Yesterday, however, we saw the second most sweeping presidential pardon in modern American history. NBC News reported:

President Joe Biden announced Thursday he will take executive action to pardon thousands of people convicted of marijuana possession under federal law. Biden said he would also encourage governors to take similar action with state offenses and ask the Department of Health and Human Services and the Justice Department to review how marijuana is scheduled, or classified, under federal law.

“As I often said during my campaign for president, no one should be in jail just for using or possessing marijuana,” Biden said in a written statement issued yesterday afternoon. “Sending people to prison for possessing marijuana has upended too many lives and incarcerated people for conduct that many states no longer prohibit. Criminal records for marijuana possession have also imposed needless barriers to employment, housing, and educational opportunities. And while white and Black and brown people use marijuana at similar rates, Black and brown people have been arrested, prosecuted, and convicted at disproportionate rates.”
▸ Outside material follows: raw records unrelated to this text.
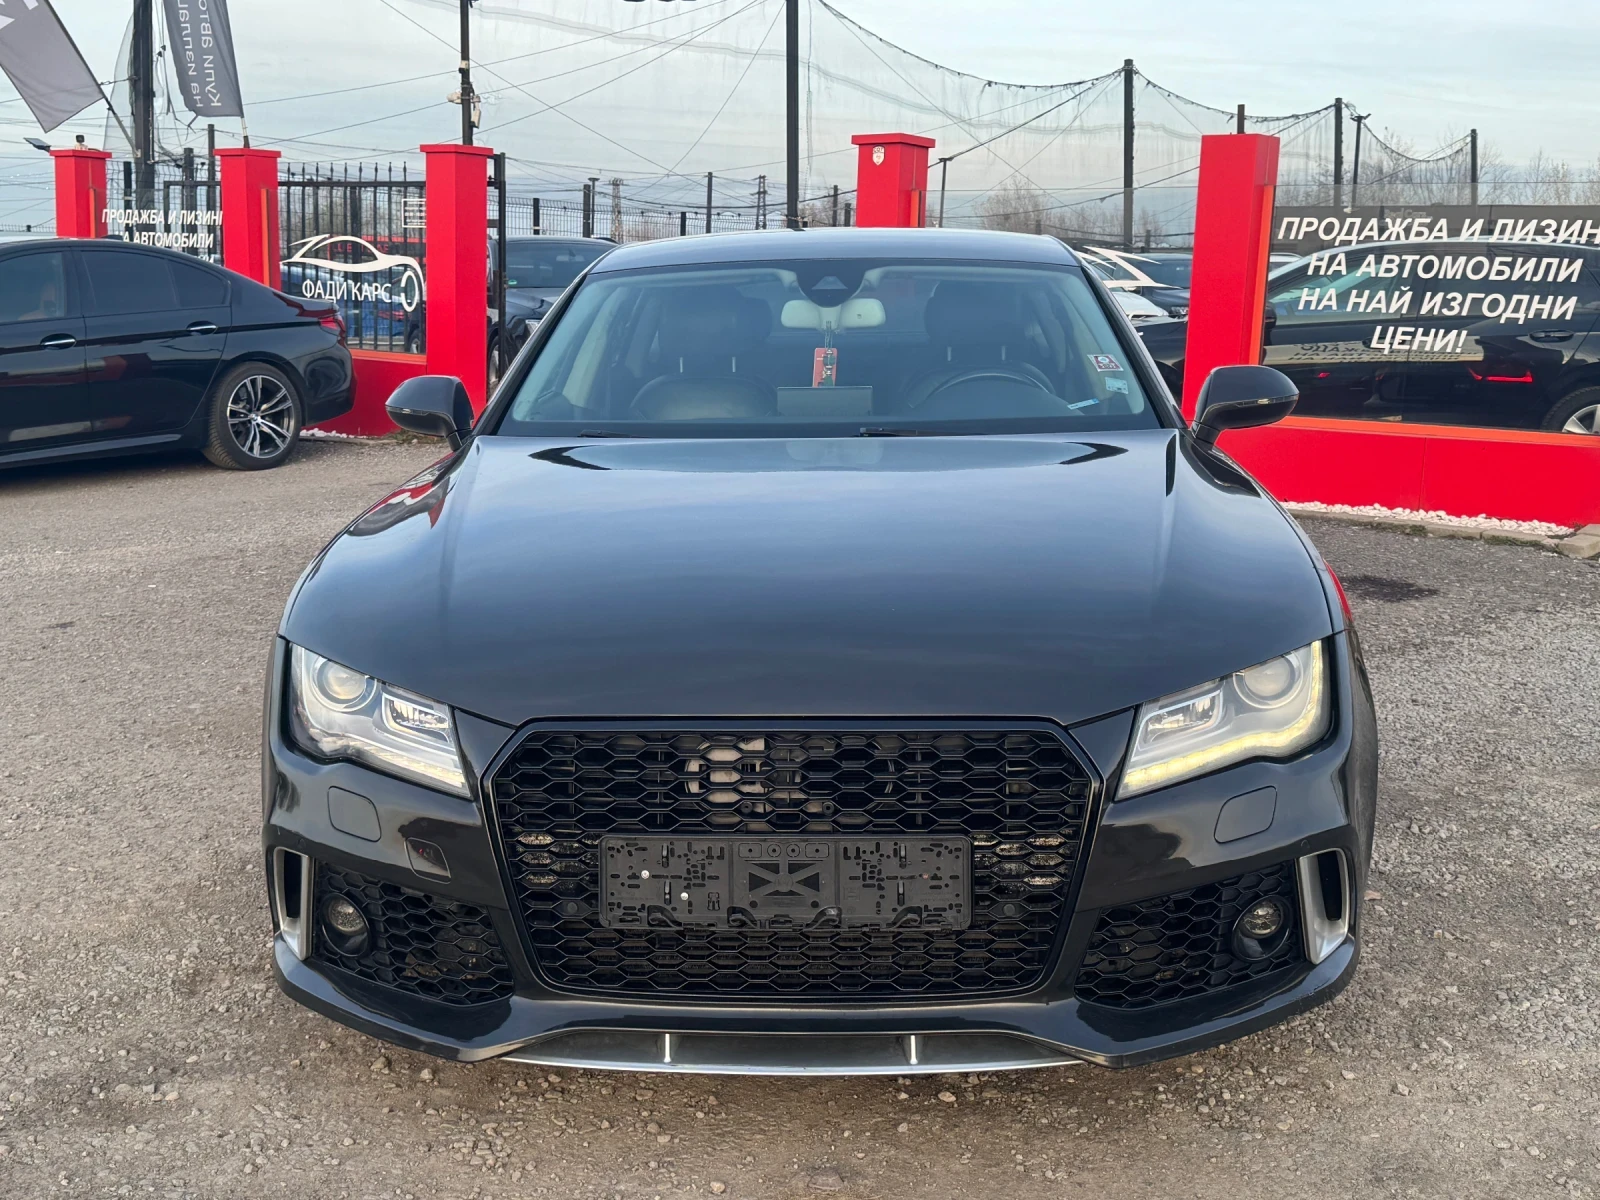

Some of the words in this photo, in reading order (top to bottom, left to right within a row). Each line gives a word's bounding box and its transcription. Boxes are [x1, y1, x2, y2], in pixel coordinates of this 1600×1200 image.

[101, 208, 165, 227] ПРОДАЖБА
[167, 210, 177, 225] И
[1277, 216, 1448, 247] ПРОДАЖБА
[1459, 218, 1485, 243] И
[133, 231, 215, 248] АВТОМОБИЛИ
[1307, 252, 1348, 277] НА
[1355, 253, 1584, 284] АВТОМОБИЛИ
[302, 278, 348, 303] ФАДИ
[351, 281, 392, 303] КАРС
[1297, 287, 1338, 312] НА
[1345, 285, 1414, 315] НАЙ
[1419, 291, 1579, 325] ИЗГОДНИ
[1369, 324, 1469, 355] ЦЕНИ!
NBC News’ report added that a senior administration official, while reviewing the new policy with reporters, said thousands of people with prior convictions for marijuana possession are denied housing, employment or educational opportunities. “This pardon will help relieve those collateral consequences,” the official explained.
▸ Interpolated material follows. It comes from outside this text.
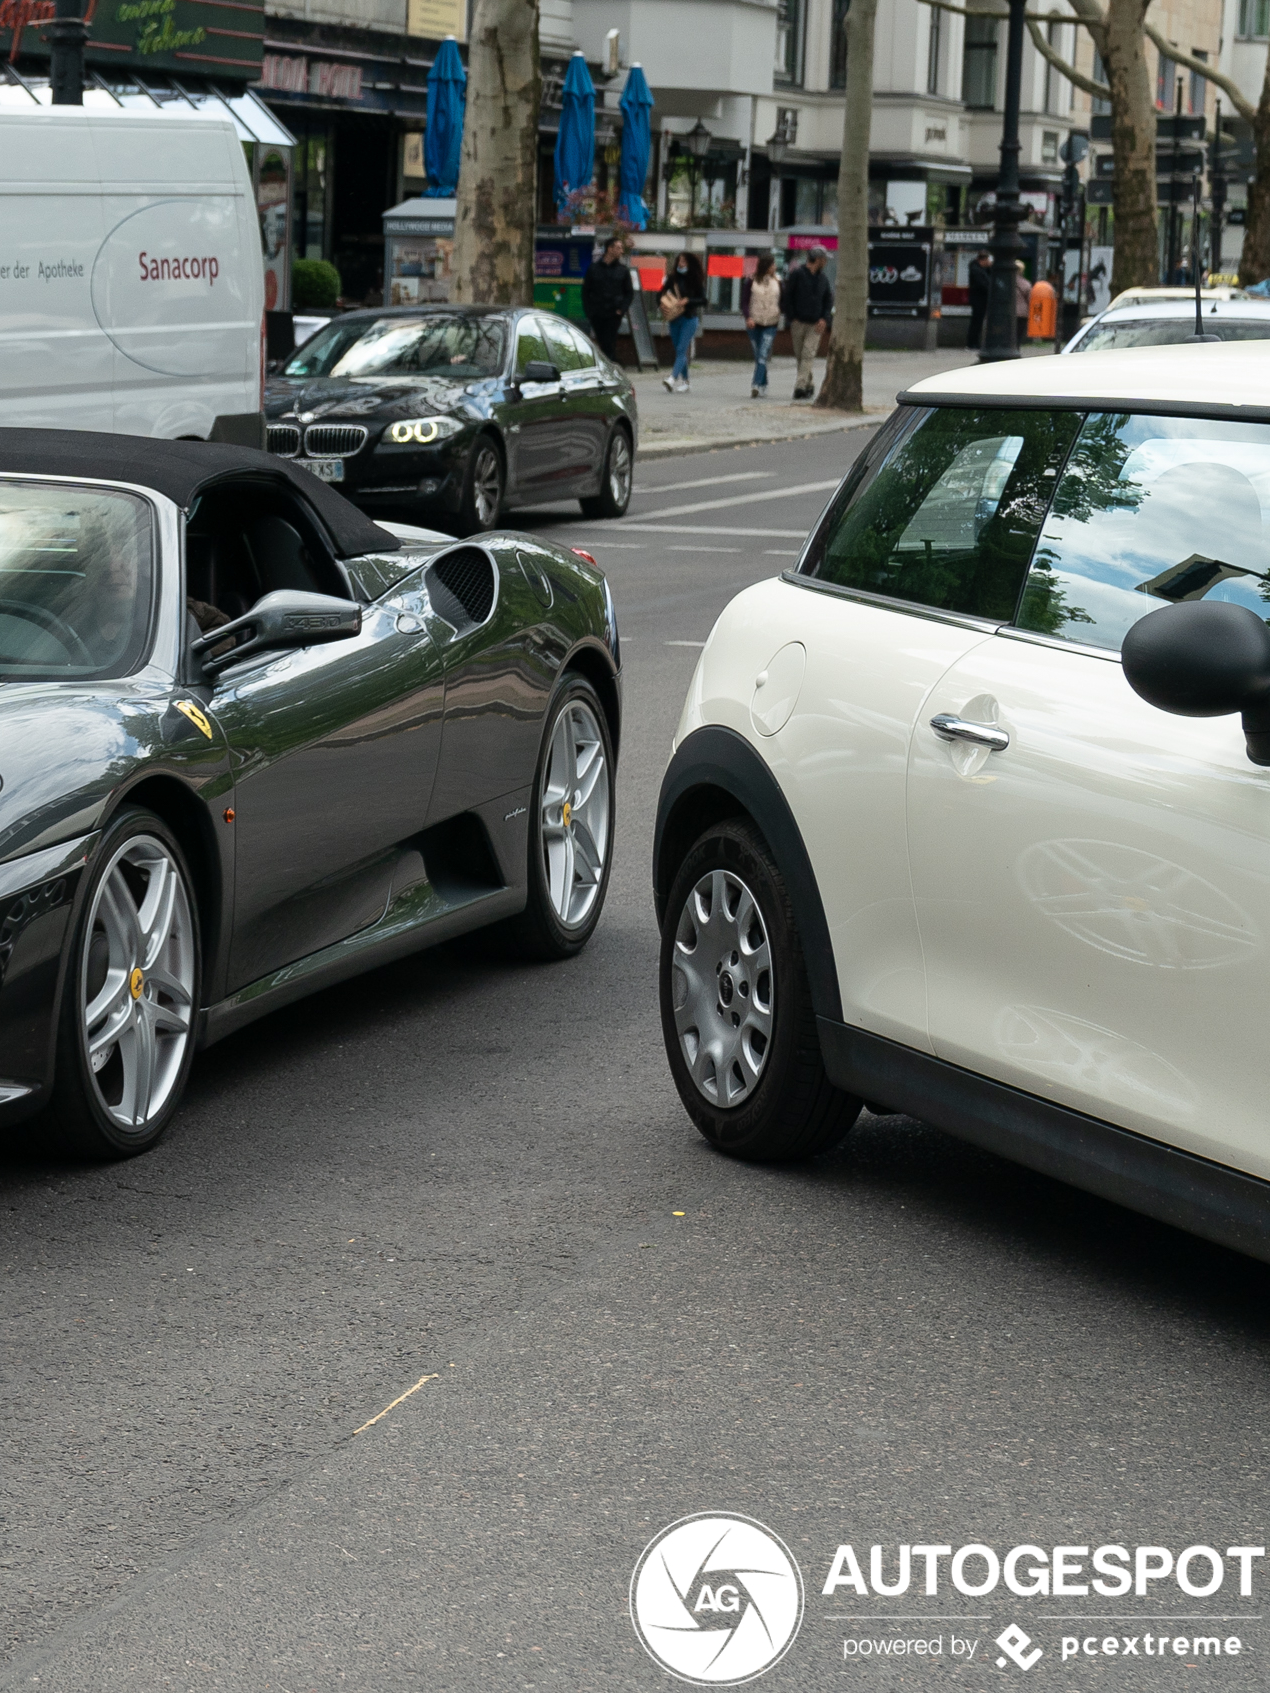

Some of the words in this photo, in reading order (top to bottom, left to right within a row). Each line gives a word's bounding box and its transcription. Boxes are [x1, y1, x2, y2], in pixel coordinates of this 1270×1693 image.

[13, 261, 29, 279] der
[38, 259, 84, 283] Apotheke
[139, 252, 219, 286] Sanacorp
The Justice Department statement added, “In coming days, the Office of the Pardon Attorney will begin implementing a process to provide impacted individuals with certificates of pardon.”

It is, to be sure, a major development and a key progressive success story. But as a political matter, one of the most amazing things about the president’s move is how little his detractors had to say about it.
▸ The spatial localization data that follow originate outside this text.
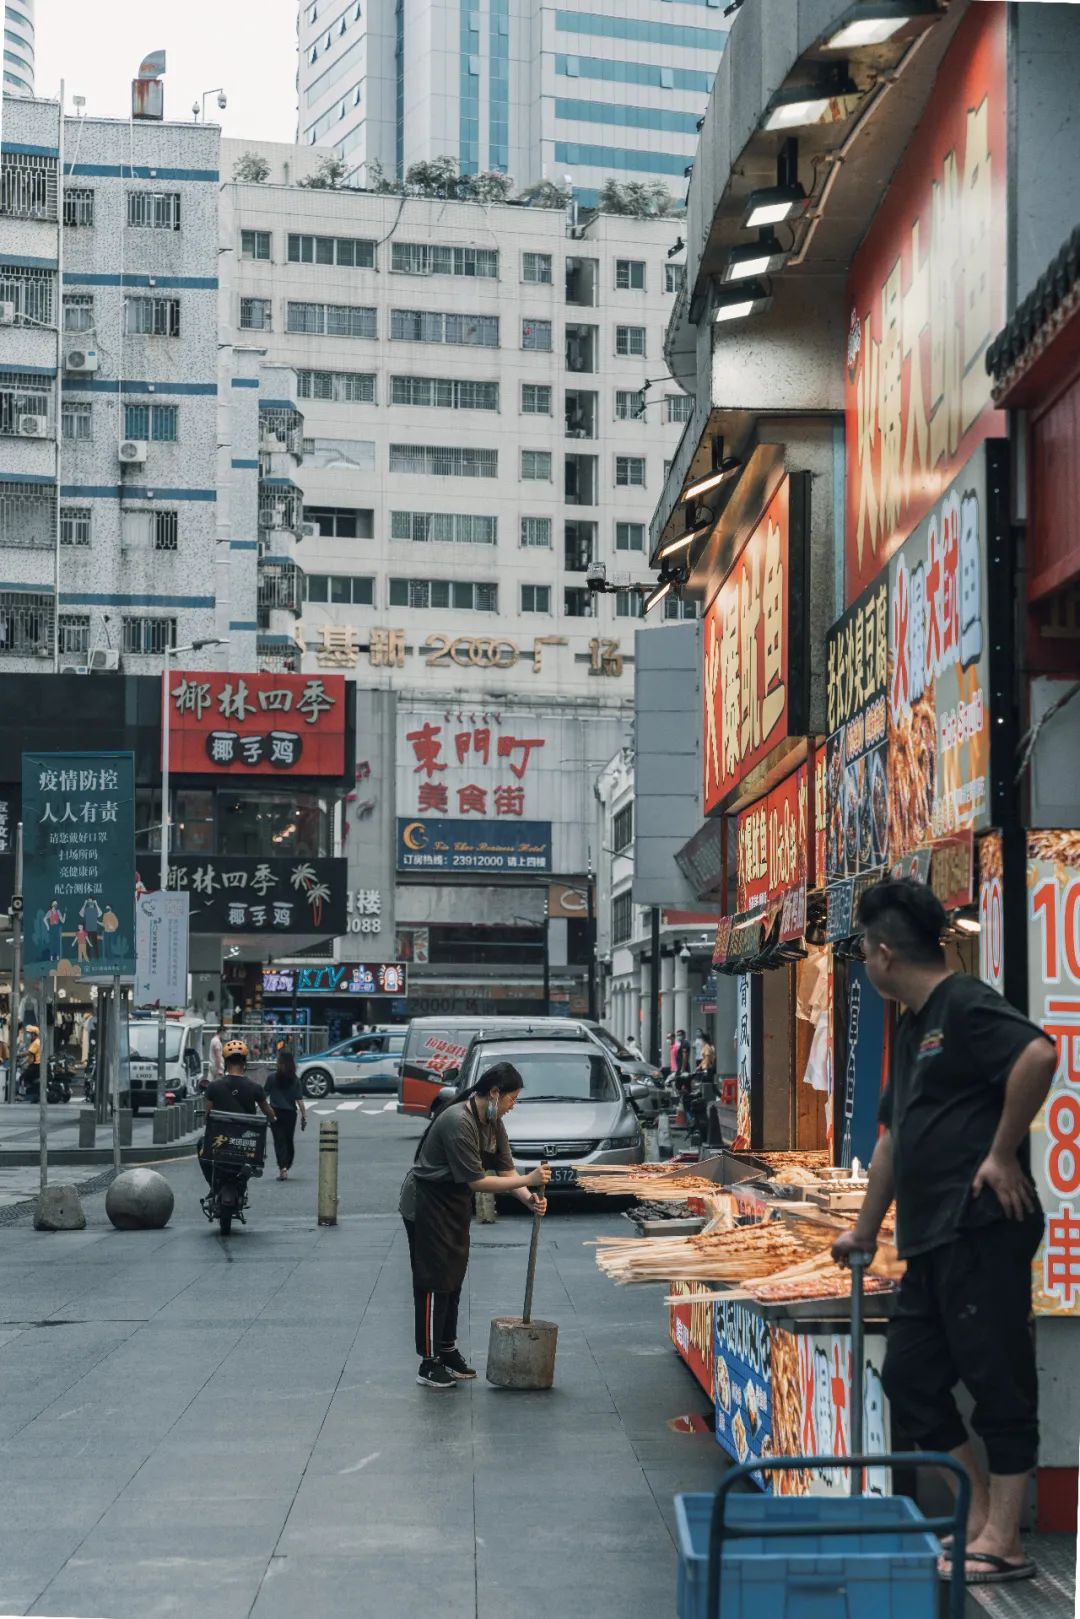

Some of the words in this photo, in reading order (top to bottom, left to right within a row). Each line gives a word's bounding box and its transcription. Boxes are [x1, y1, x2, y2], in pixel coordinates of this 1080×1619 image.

[857, 96, 993, 573] 火爆大鱿鱼
[891, 490, 984, 716] 火爆大鱿鱼
[827, 583, 888, 734] 老长沙臭豆腐
[171, 679, 336, 723] 椰林四季
[211, 731, 299, 763] 椰子鸡
[406, 722, 545, 780] 東門町
[39, 770, 119, 792] 疫情防控
[418, 782, 525, 816] 美食街
[39, 801, 118, 823] 人人有责
[50, 832, 108, 844] 请您戴好口罩
[59, 850, 98, 861] 扫场所码
[453, 856, 503, 866] 23912000
[59, 866, 98, 878] 亮健康码
[160, 864, 279, 896] 椰林四季
[54, 883, 103, 895] 配合测体温
[228, 902, 294, 926] 椰子鸡
[298, 966, 346, 989] KTV
On a day-to-day level, Republican criticisms of Biden’s agenda are effectively reflexive: If the Democratic White House wants x, then GOP leaders are eager to tell voters that x represents a socialistic assault on everything that is good and true about America.

With this in mind, it was easy to imagine Republicans launching apoplectic broadsides in response to Biden’s sweeping and progressive pardons. The public would inevitably hear tired clichés about Democrats being “soft on crime” and failing to appreciate the seriousness of “gateway drugs.”

And yet, in the wake of Biden’s announcement, the Republican National Committee had literally nothing to say about it. The National Republican Congressional Committee and the National Republican Senatorial Committee were silent, too.

Senate Minority Leader Mitch McConnell and House Minority Leader Kevin McCarthy also completely ignored the developments.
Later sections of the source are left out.